→ **Work instruction**
Reproduce all of the records word for word, omitting the pictures.

——

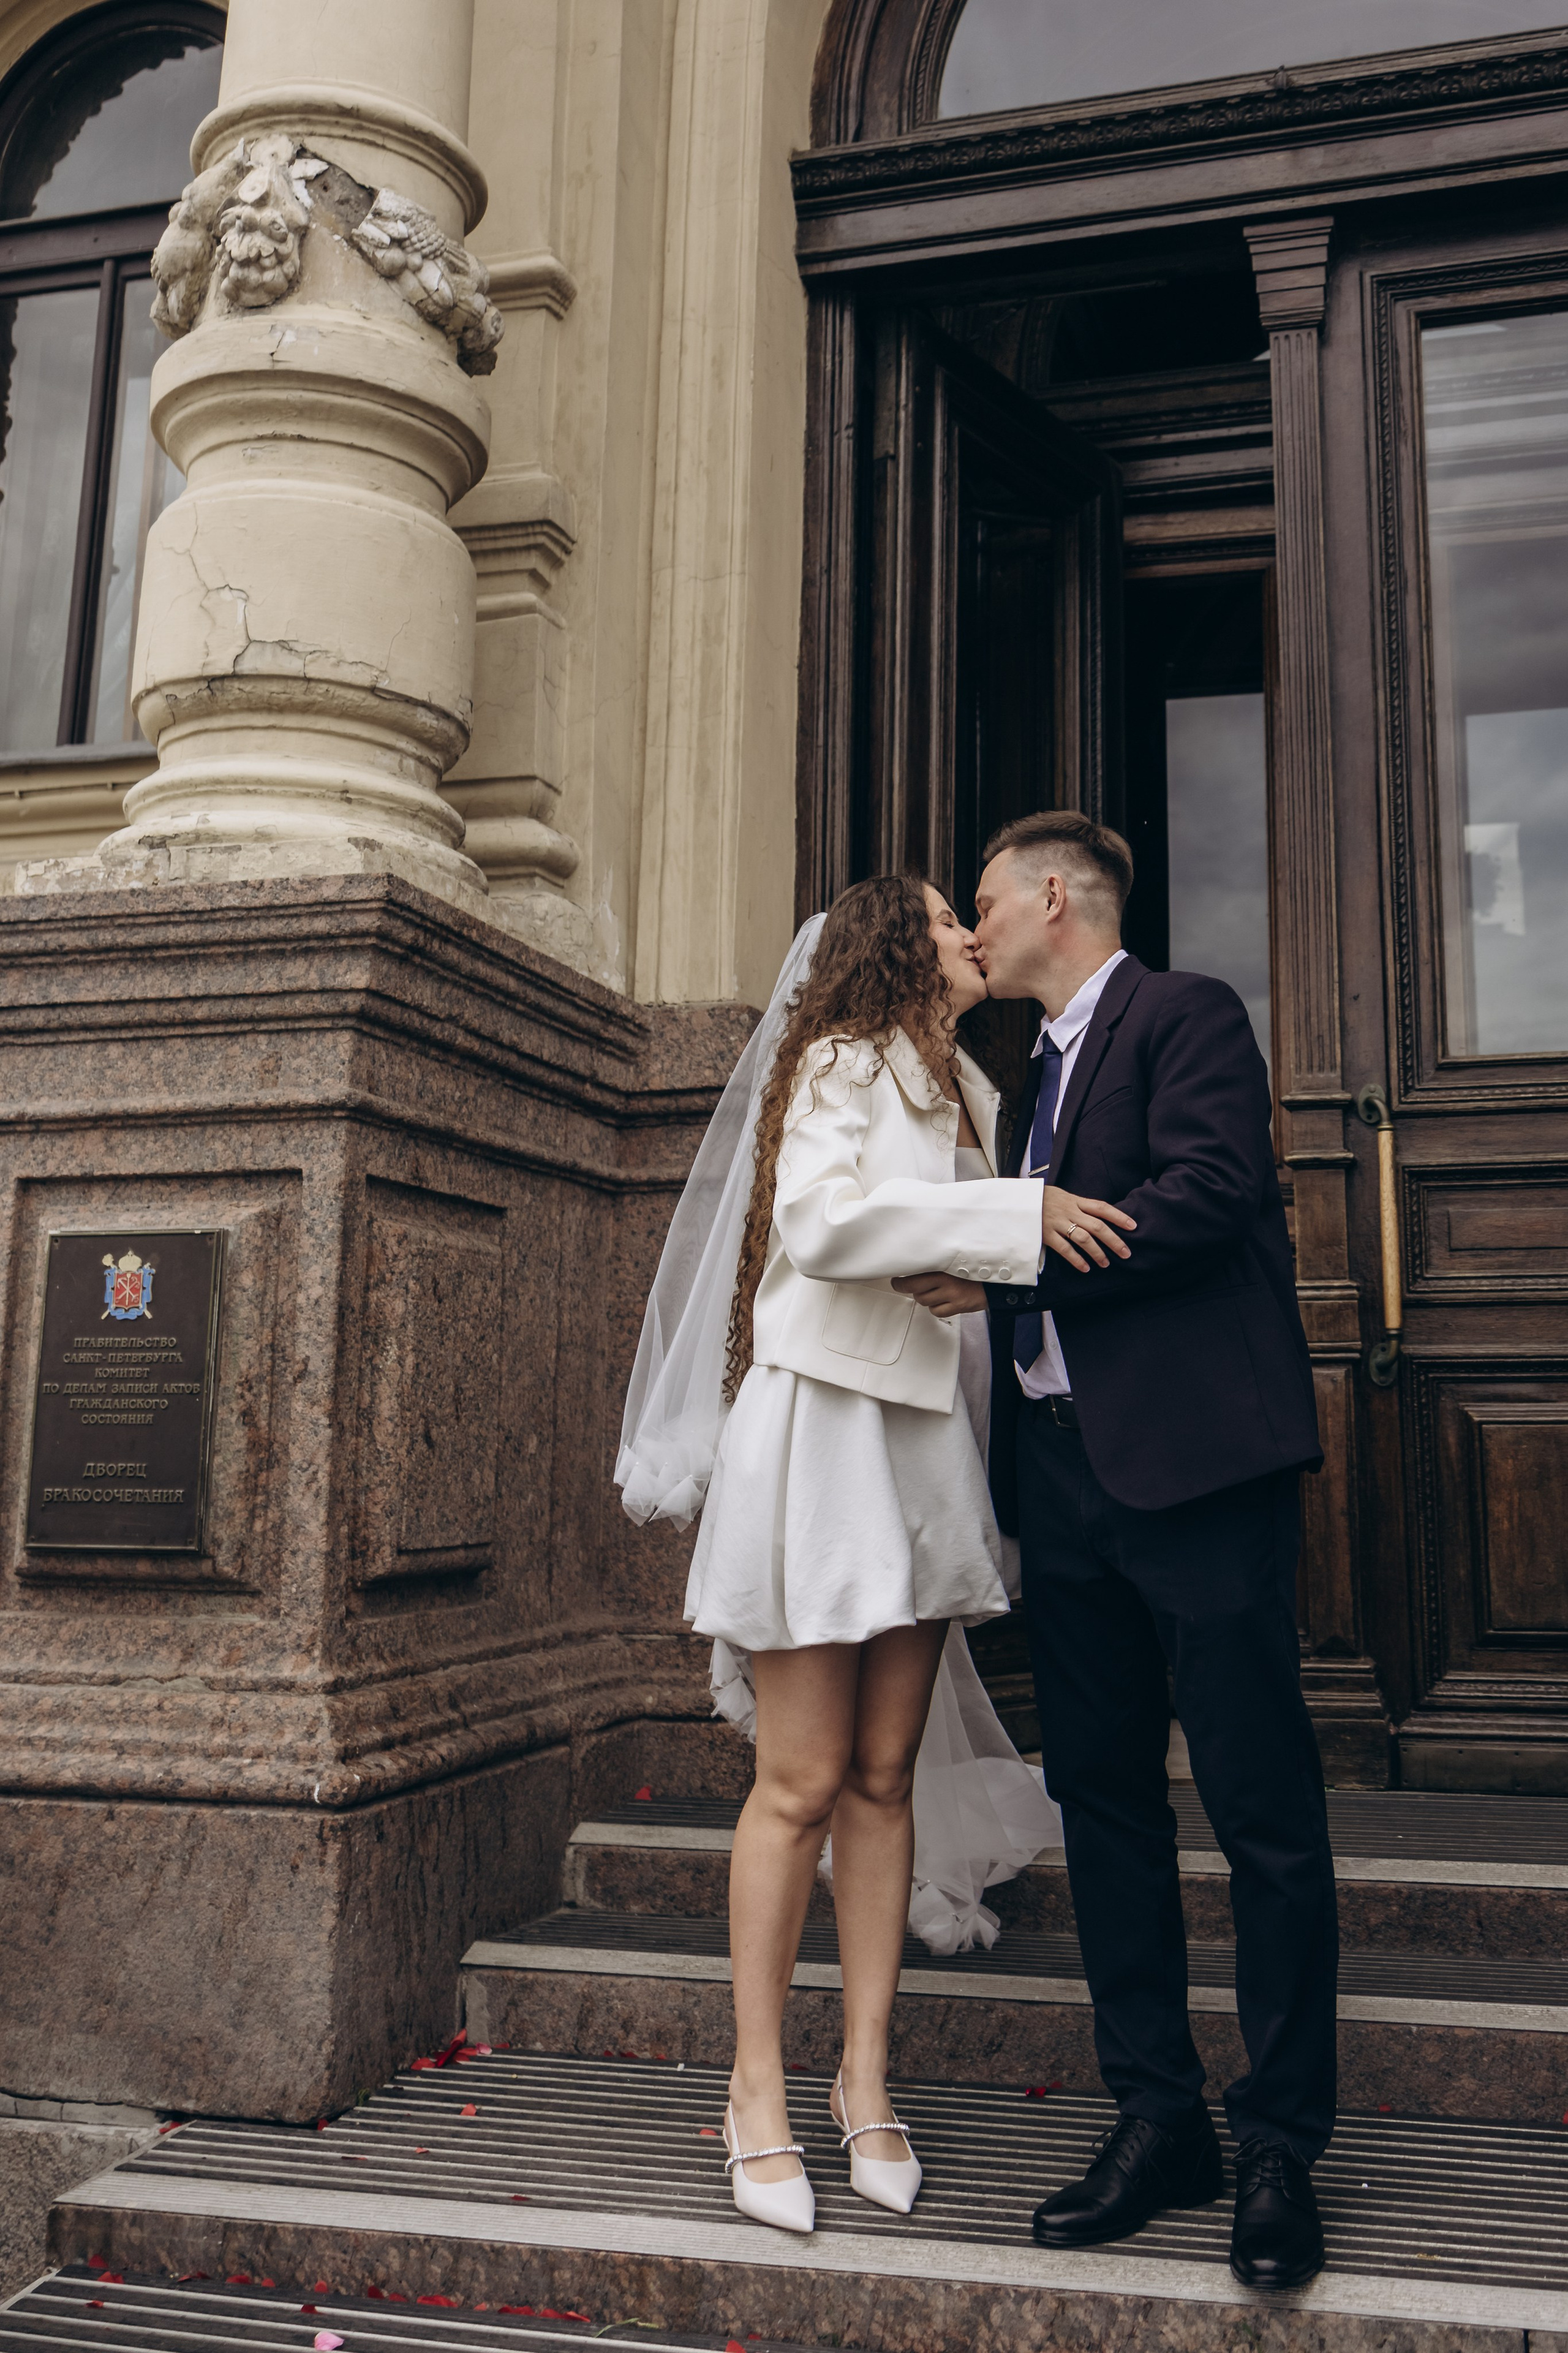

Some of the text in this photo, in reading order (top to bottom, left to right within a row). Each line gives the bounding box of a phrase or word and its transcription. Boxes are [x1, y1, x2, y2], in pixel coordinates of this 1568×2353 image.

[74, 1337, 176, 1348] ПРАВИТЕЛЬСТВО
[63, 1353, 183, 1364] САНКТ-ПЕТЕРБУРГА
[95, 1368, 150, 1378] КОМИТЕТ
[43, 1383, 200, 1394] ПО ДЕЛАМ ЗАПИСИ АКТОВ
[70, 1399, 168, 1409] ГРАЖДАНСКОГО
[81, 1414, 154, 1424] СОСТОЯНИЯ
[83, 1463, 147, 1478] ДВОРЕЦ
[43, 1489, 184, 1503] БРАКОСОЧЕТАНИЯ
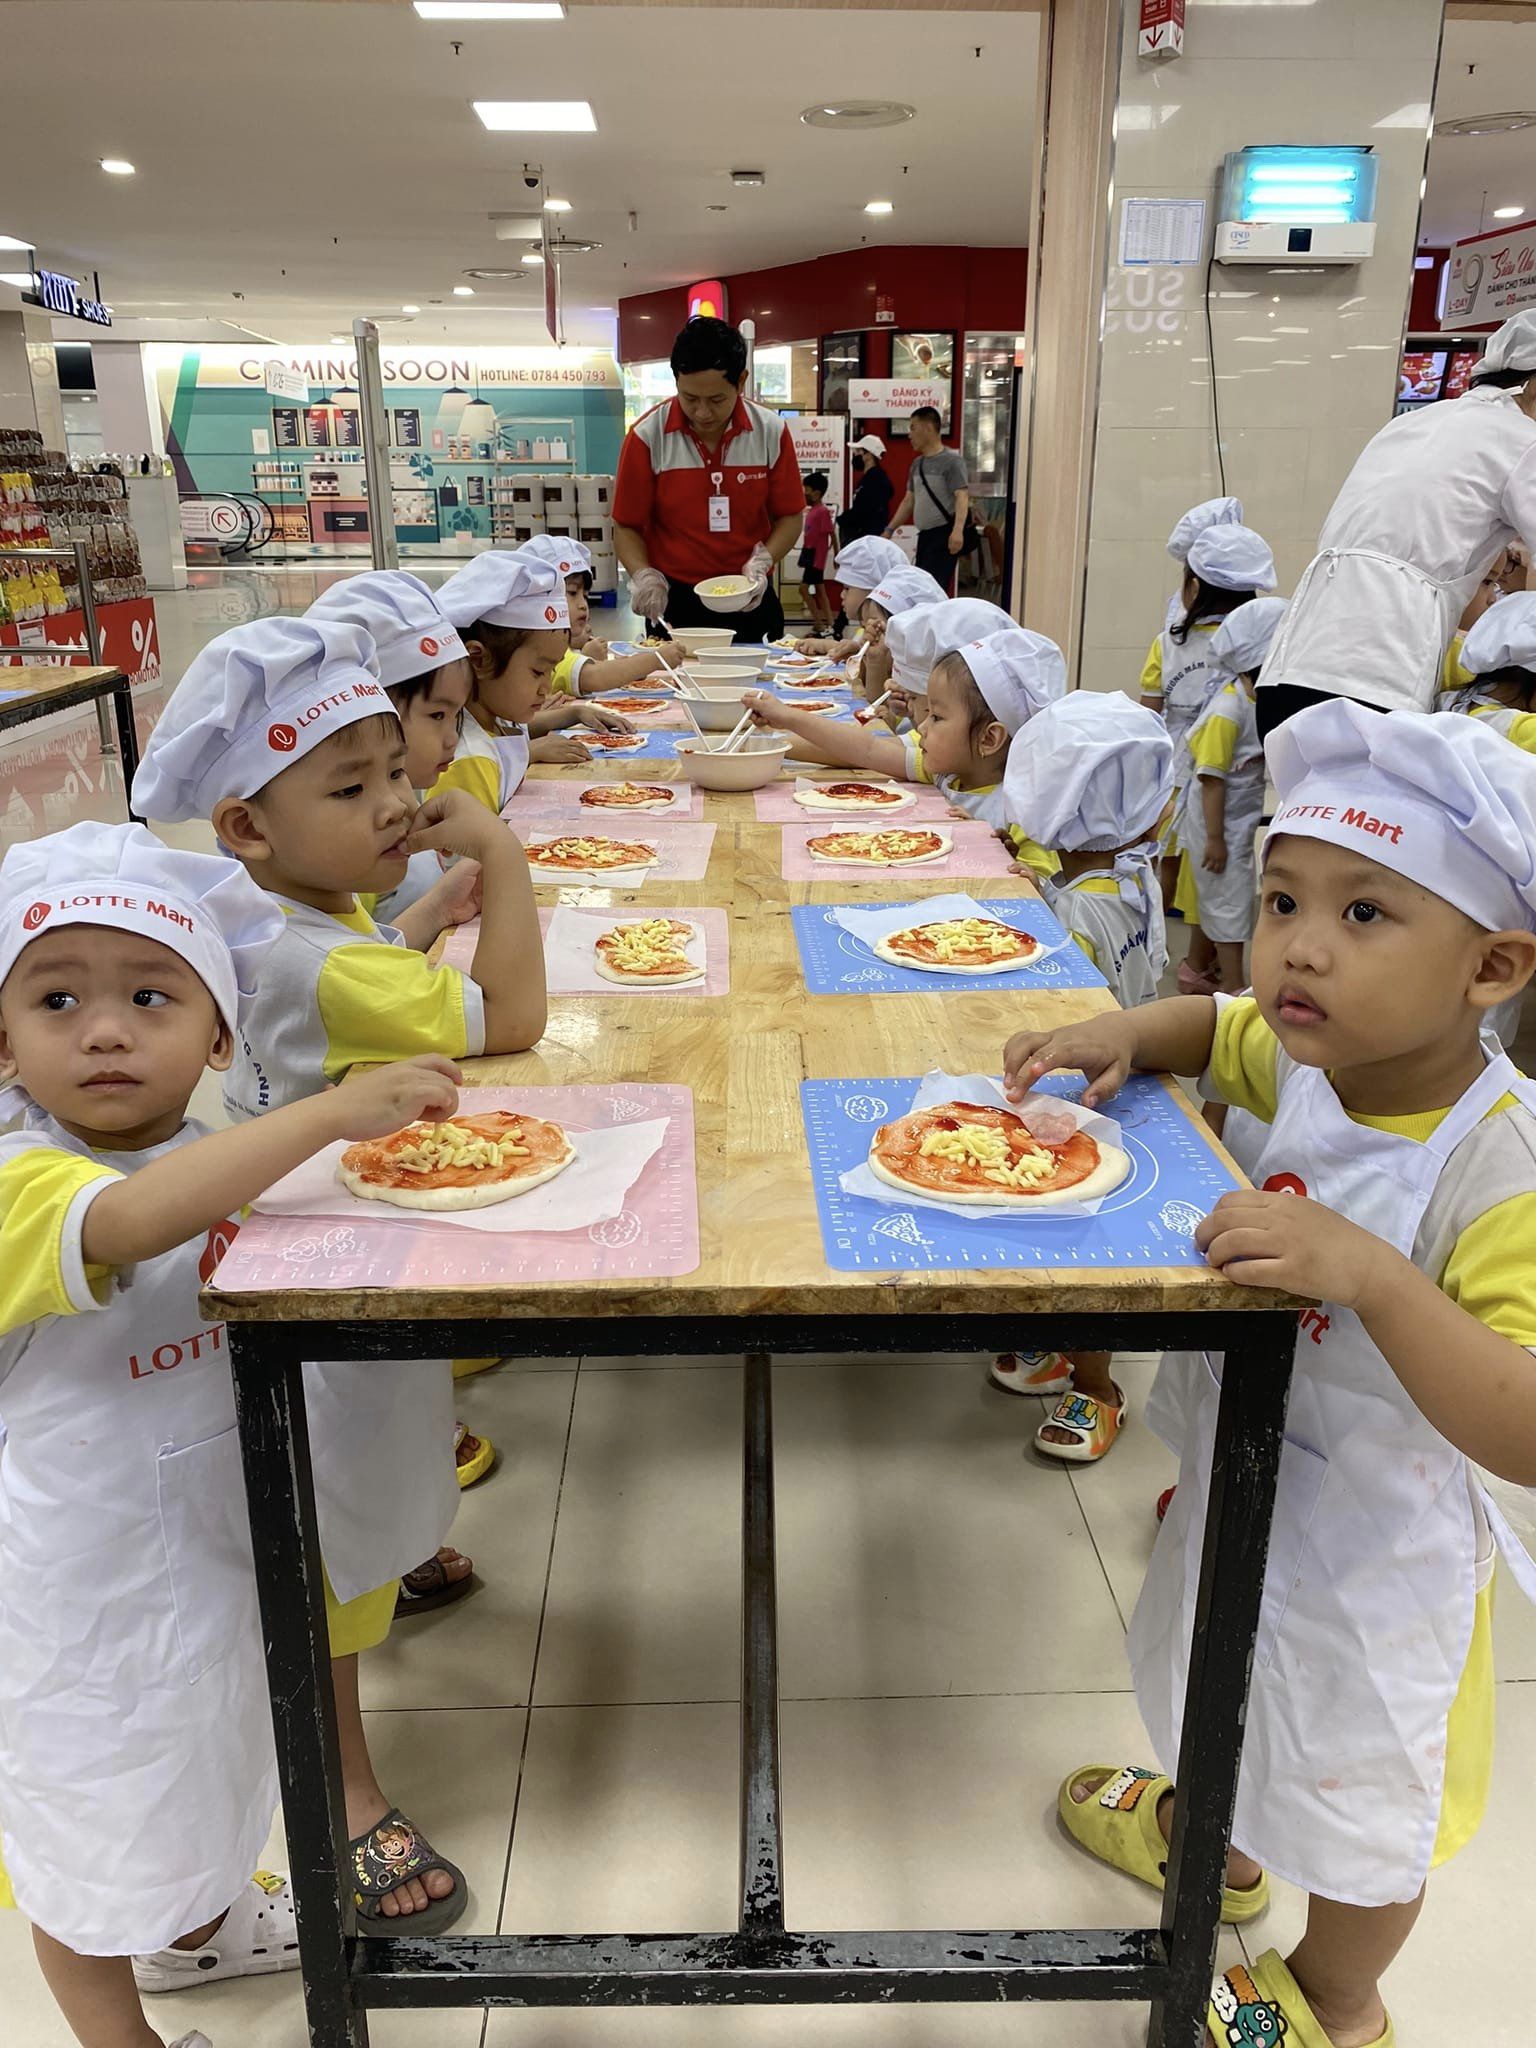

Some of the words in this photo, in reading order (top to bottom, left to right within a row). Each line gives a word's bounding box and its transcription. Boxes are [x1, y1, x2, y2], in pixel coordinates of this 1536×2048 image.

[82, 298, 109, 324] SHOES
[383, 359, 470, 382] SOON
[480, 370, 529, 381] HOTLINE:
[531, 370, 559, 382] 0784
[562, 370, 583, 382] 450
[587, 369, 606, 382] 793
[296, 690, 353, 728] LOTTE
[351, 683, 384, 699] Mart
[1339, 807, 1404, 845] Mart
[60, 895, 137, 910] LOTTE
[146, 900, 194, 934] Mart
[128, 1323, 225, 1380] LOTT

——

→ **Answer section**
Some of the text in this photo, in reading order (top to bottom, left to right within a row). Each line gives the bounding box of a phrase or word and its transcription. Boxes are [x1, y1, x2, y2], in pixel coordinates of this 1568×2353 image.

[74, 1337, 176, 1348] ПРАВИТЕЛЬСТВО
[63, 1353, 183, 1364] САНКТ-ПЕТЕРБУРГА
[95, 1368, 150, 1378] КОМИТЕТ
[43, 1383, 200, 1394] ПО ДЕЛАМ ЗАПИСИ АКТОВ
[70, 1399, 168, 1409] ГРАЖДАНСКОГО
[81, 1414, 154, 1424] СОСТОЯНИЯ
[83, 1463, 147, 1478] ДВОРЕЦ
[43, 1489, 184, 1503] БРАКОСОЧЕТАНИЯ

Some of the words in this photo, in reading order (top to bottom, left to right within a row). Each line gives a word's bounding box and its transcription. Boxes are [x1, y1, x2, y2], in pixel coordinates of this 1536×2048 image.

[82, 298, 109, 324] SHOES
[383, 359, 470, 382] SOON
[480, 370, 529, 381] HOTLINE:
[531, 370, 559, 382] 0784
[562, 370, 583, 382] 450
[587, 369, 606, 382] 793
[296, 690, 353, 728] LOTTE
[351, 683, 384, 699] Mart
[1339, 807, 1404, 845] Mart
[60, 895, 137, 910] LOTTE
[146, 900, 194, 934] Mart
[128, 1323, 225, 1380] LOTT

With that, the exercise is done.